The report shows that, compared with the Census Bureau’s 2019 American Community Survey data, whites were overrepresented in both Pfizer and Moderna COVID-19 vaccine trials, while Black and Asian participants were underrepresented. American Indian/Alaska Natives and Native Hawaiian or Other Pacific Islanders were equally represented. Hispanic participants were overrepresented, compared with the general population.
“These data show that although people of color are underrepresented in the clinical trials for the two initial COVID-19 vaccines compared to their share of the population, the trials include people from diverse racial/ethnic backgrounds and are more diverse than some trials have historically been,” the authors write.
The Johnson & Johnson vaccine trial data, which were released after KFF’s report, show Black, Hispanic and American Indian or Alaska Native participants were overrepresented compared with the 2019 census data. Asian participants were underrepresented, while Native Hawaiian or other Pacific Islanders were equally represented.
Recommendations to diversify clinical trials
There are several reasons why people of color are underrepresented in clinical trials.
For one, according to the Kaiser Family Foundation report, fewer clinical trials are available at hospital systems where people of color are more likely to receive care.
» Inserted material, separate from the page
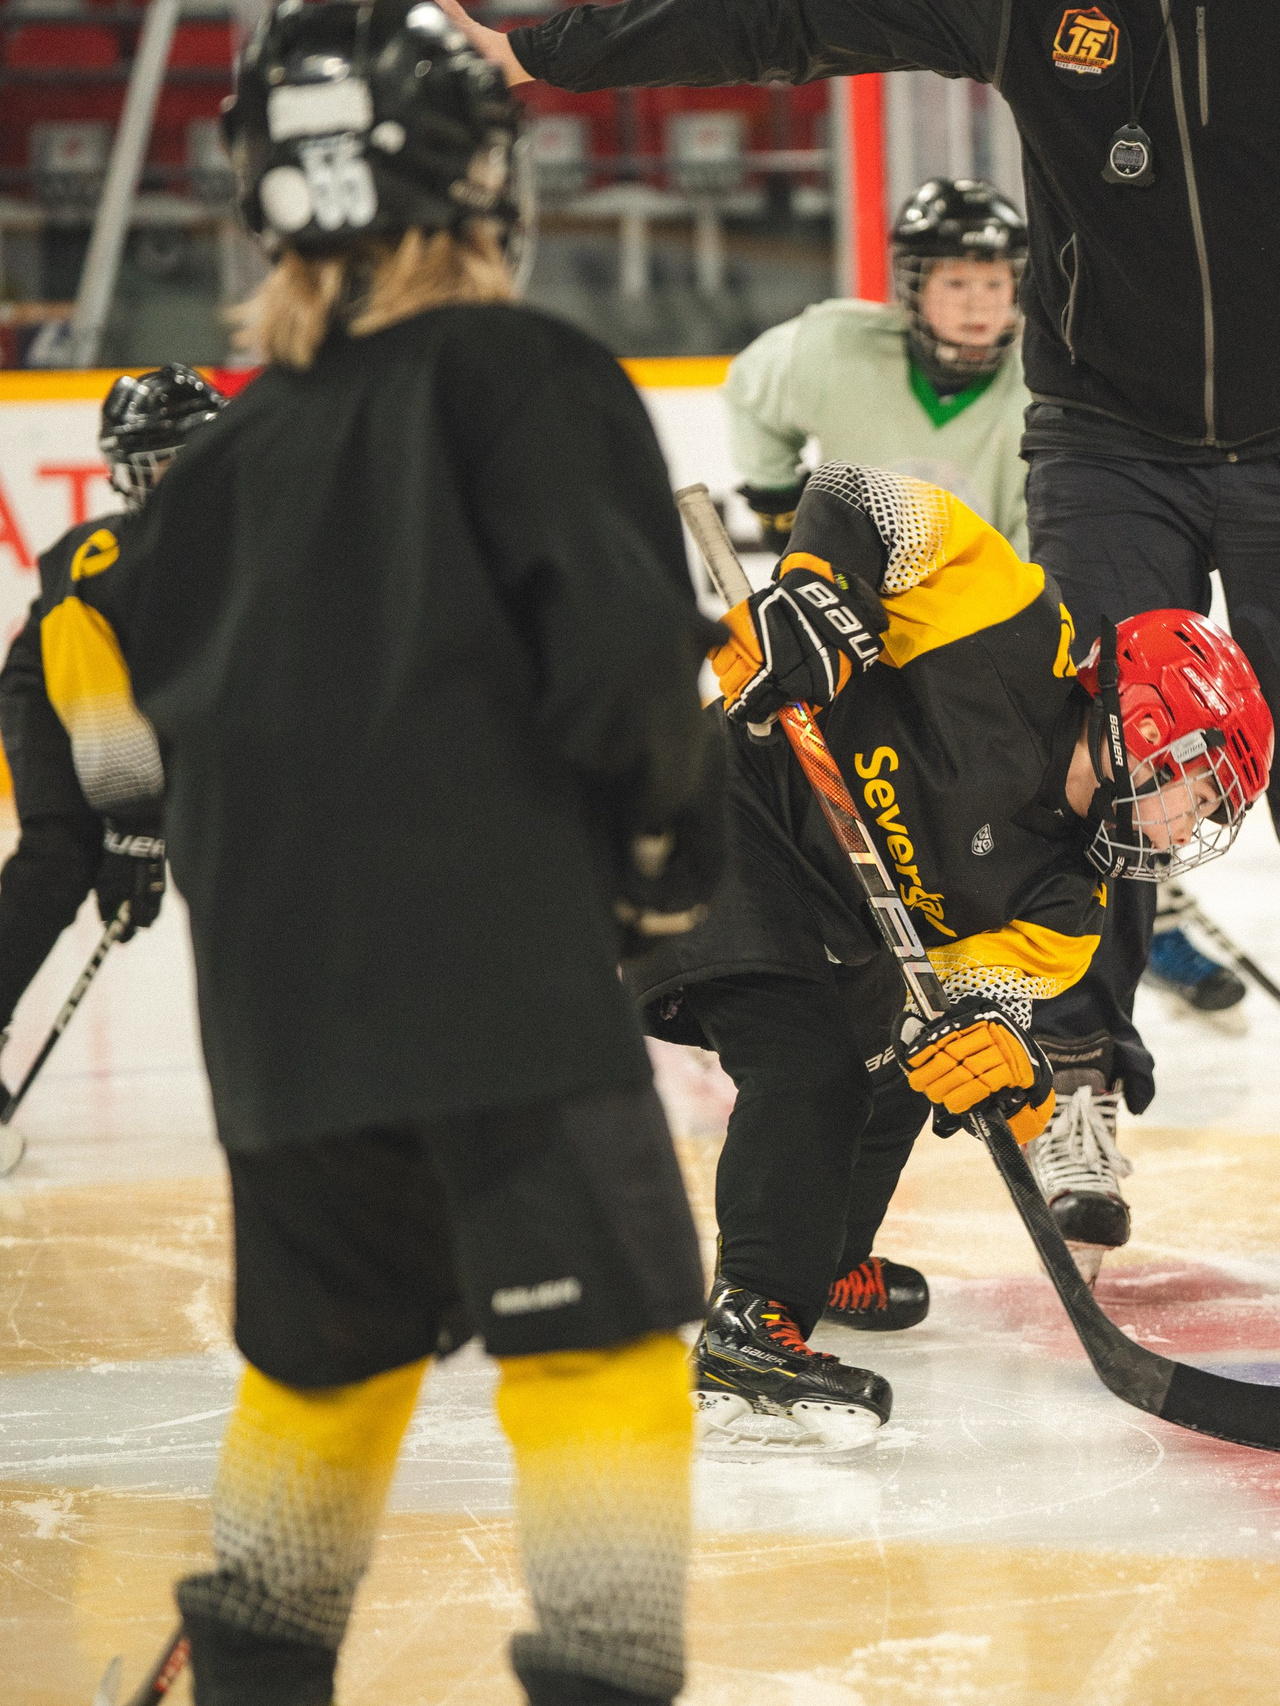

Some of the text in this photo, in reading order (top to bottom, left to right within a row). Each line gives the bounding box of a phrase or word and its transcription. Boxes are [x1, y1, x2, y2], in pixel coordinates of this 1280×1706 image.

Lack of information and historical and ongoing racism and discrimination are among other contributors, the report says.
Researchers have made greater efforts in recent years to increase diversity in clinical trials.
Both the FDA and National Institutes of Health have made recommendations and guidelines for data collection and inclusion of diverse populations in clinical trials.
In 2001, the National Institutes of Health updated its policy to provide a minimum standard of inclusion for sex, gender and racial and ethnic minority groups in Phase 3 clinical trials, which is one of the final phases of research, showing safety and efficacy of the drug on the study participants. In 2017, it announced an amendment requiring investigators to submit trial results for these specific groups to ClinicalTrials.gov.
“Findings suggest that NIH policies on reporting of identified groups have increased over time, but a need to focus such policies beyond reporting to representative enrollment remains,” Silver and her colleagues write, recommending investments by federal agencies and industry to ensure enrollment is fair and equitable.
There are other efforts to improve diversity among research participants.
The National Academies of Sciences, Engineering, and Medicine recently set up an ad hoc committee to “undertake a study examining the long-term economic and medical impacts of the lack of inclusion of women and underrepresented minority groups in clinical research and subsequent translational work.”
In late February, the NIH launched an initiative called UNITE, aimed at ending structural racism and racial inequities in biomedical research.
“Our intention is to apply what we learn from this initiative to all future actions centered on diversity, equity, and inclusion for other groups who have been marginalized,” the director of the Dr. Francis Collins, writes in a blog post on the institute’s website. “Our resolve must be unflinching – it must not waver in the face of difficulties or tire at the magnitude of the problem.”